• Instructions for the task: The complete listing should be restated exactly.

• Data provided:

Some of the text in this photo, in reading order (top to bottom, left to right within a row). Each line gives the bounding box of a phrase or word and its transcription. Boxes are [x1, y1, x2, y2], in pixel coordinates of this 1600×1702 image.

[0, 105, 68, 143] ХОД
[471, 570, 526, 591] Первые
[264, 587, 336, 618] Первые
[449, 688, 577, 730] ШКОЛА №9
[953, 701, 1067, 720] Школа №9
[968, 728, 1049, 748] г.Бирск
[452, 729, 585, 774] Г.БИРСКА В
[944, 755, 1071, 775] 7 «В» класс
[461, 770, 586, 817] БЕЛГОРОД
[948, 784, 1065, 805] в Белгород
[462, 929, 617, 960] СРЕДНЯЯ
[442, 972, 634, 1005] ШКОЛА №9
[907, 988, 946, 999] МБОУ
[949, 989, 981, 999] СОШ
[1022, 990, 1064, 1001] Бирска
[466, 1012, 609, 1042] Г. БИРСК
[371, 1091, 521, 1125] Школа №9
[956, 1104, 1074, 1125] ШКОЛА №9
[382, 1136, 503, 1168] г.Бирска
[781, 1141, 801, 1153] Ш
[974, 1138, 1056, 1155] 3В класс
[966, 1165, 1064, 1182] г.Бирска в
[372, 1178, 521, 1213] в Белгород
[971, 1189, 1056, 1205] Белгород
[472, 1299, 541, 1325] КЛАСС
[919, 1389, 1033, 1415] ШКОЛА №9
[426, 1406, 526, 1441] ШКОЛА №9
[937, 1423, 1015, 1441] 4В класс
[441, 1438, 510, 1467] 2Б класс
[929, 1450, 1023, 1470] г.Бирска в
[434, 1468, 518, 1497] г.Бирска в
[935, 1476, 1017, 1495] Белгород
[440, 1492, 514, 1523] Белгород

• Result:
Some of the text in this photo, in reading order (top to bottom, left to right within a row). Each line gives the bounding box of a phrase or word and its transcription. Boxes are [x1, y1, x2, y2], in pixel coordinates of this 1600×1702 image.

[0, 105, 68, 143] ХОД
[471, 570, 526, 591] Первые
[264, 587, 336, 618] Первые
[449, 688, 577, 730] ШКОЛА №9
[953, 701, 1067, 720] Школа №9
[968, 728, 1049, 748] г.Бирск
[452, 729, 585, 774] Г.БИРСКА В
[944, 755, 1071, 775] 7 «В» класс
[461, 770, 586, 817] БЕЛГОРОД
[948, 784, 1065, 805] в Белгород
[462, 929, 617, 960] СРЕДНЯЯ
[442, 972, 634, 1005] ШКОЛА №9
[907, 988, 946, 999] МБОУ
[949, 989, 981, 999] СОШ
[1022, 990, 1064, 1001] Бирска
[466, 1012, 609, 1042] Г. БИРСК
[371, 1091, 521, 1125] Школа №9
[956, 1104, 1074, 1125] ШКОЛА №9
[382, 1136, 503, 1168] г.Бирска
[781, 1141, 801, 1153] Ш
[974, 1138, 1056, 1155] 3В класс
[966, 1165, 1064, 1182] г.Бирска в
[372, 1178, 521, 1213] в Белгород
[971, 1189, 1056, 1205] Белгород
[472, 1299, 541, 1325] КЛАСС
[919, 1389, 1033, 1415] ШКОЛА №9
[426, 1406, 526, 1441] ШКОЛА №9
[937, 1423, 1015, 1441] 4В класс
[441, 1438, 510, 1467] 2Б класс
[929, 1450, 1023, 1470] г.Бирска в
[434, 1468, 518, 1497] г.Бирска в
[935, 1476, 1017, 1495] Белгород
[440, 1492, 514, 1523] Белгород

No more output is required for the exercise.